EXERCISE GOAL
If a record contains an image, leave the image out and repeat everything else exactly.

MATERIAL SHOWN
+++

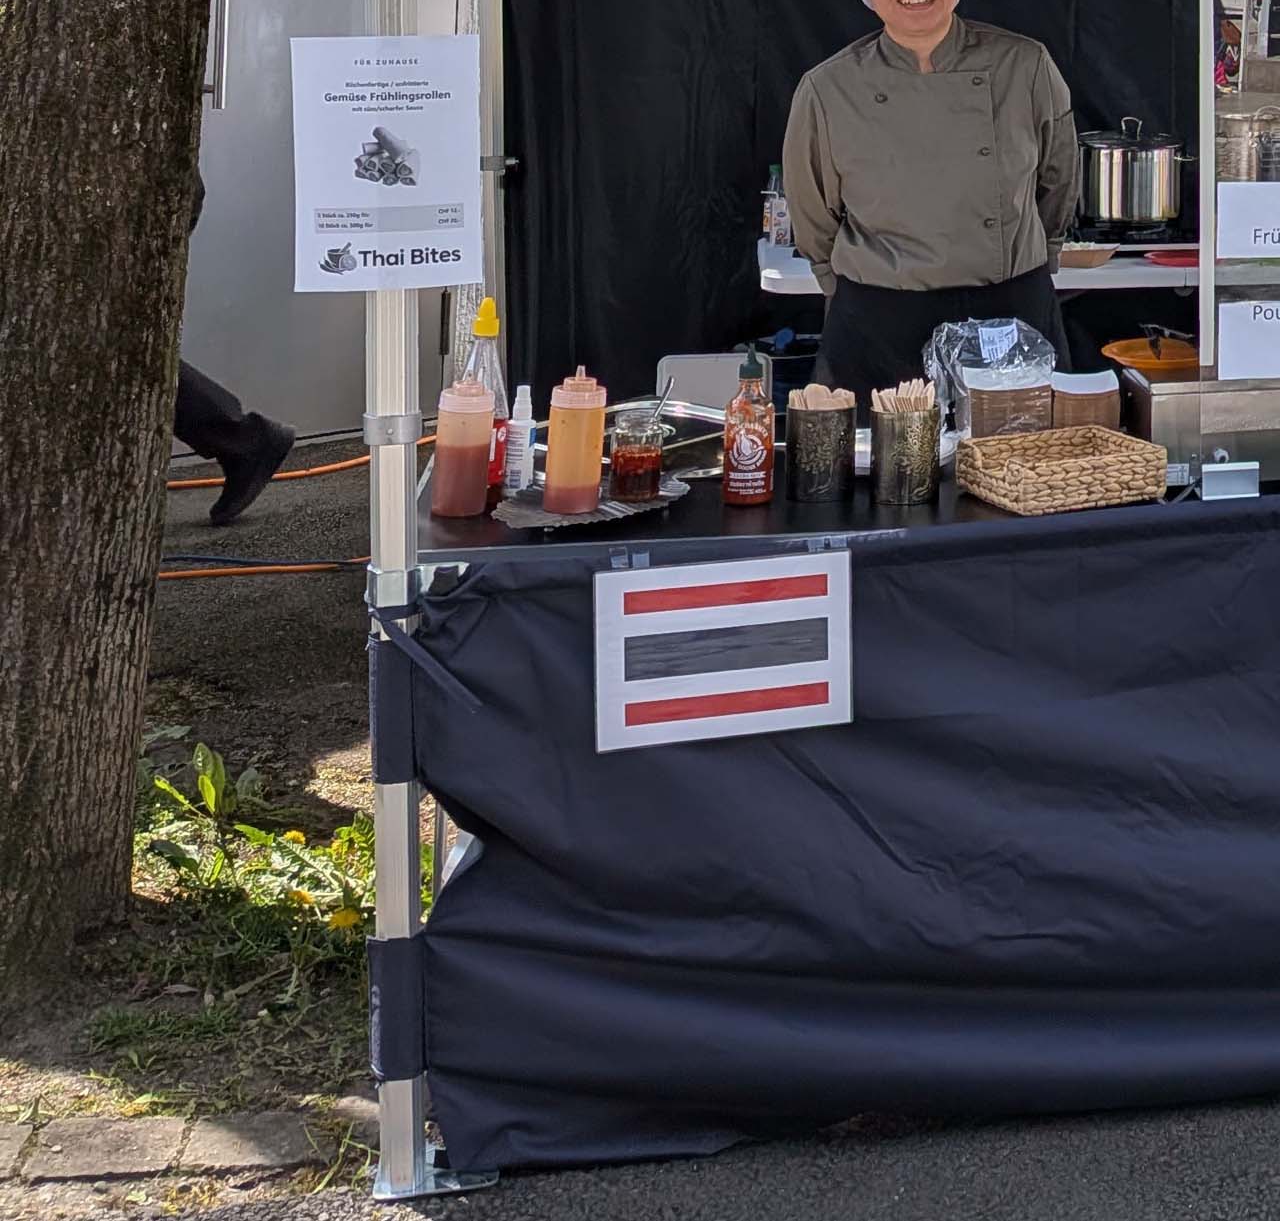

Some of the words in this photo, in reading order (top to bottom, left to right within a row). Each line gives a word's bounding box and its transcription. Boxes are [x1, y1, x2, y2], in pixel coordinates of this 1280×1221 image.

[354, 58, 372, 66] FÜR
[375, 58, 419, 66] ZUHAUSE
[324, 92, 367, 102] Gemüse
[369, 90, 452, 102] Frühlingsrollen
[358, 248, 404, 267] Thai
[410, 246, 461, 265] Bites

+++

WRITTEN SOLUTION
Some of the words in this photo, in reading order (top to bottom, left to right within a row). Each line gives a word's bounding box and its transcription. Boxes are [x1, y1, x2, y2], in pixel coordinates of this 1280×1221 image.

[354, 58, 372, 66] FÜR
[375, 58, 419, 66] ZUHAUSE
[324, 92, 367, 102] Gemüse
[369, 90, 452, 102] Frühlingsrollen
[358, 248, 404, 267] Thai
[410, 246, 461, 265] Bites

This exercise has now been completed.